***** Extracted records

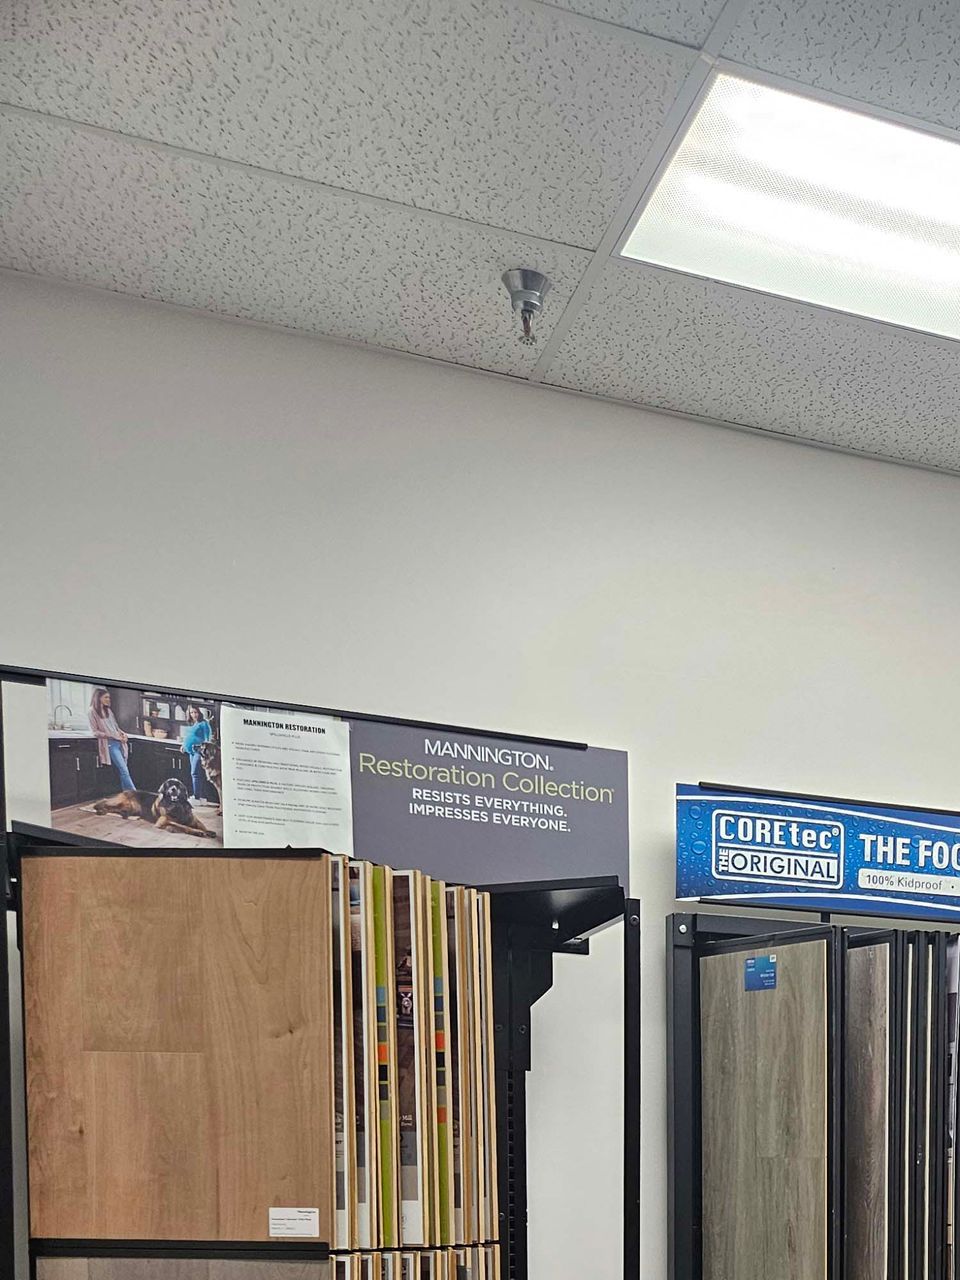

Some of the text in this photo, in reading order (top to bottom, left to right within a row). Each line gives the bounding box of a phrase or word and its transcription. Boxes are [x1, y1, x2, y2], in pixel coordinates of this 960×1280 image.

[243, 719, 326, 734] MANNINGTON RESTORATION
[359, 752, 495, 788] Restoration
[412, 788, 568, 817] RESISTS EVERYTHING.
[409, 803, 572, 832] IMPRESSES EVERYONE.
[718, 848, 729, 872] THE
[859, 834, 911, 866] THE
[731, 853, 836, 879] ORIGINAL
[866, 874, 895, 887] 100%
[897, 876, 943, 891] Kidproof

**********

Directions:
What comes back should match the records exactly, minus any pictures.

Task response:
Some of the text in this photo, in reading order (top to bottom, left to right within a row). Each line gives the bounding box of a phrase or word and its transcription. Boxes are [x1, y1, x2, y2], in pixel coordinates of this 960×1280 image.

[243, 719, 326, 734] MANNINGTON RESTORATION
[359, 752, 495, 788] Restoration
[412, 788, 568, 817] RESISTS EVERYTHING.
[409, 803, 572, 832] IMPRESSES EVERYONE.
[718, 848, 729, 872] THE
[859, 834, 911, 866] THE
[731, 853, 836, 879] ORIGINAL
[866, 874, 895, 887] 100%
[897, 876, 943, 891] Kidproof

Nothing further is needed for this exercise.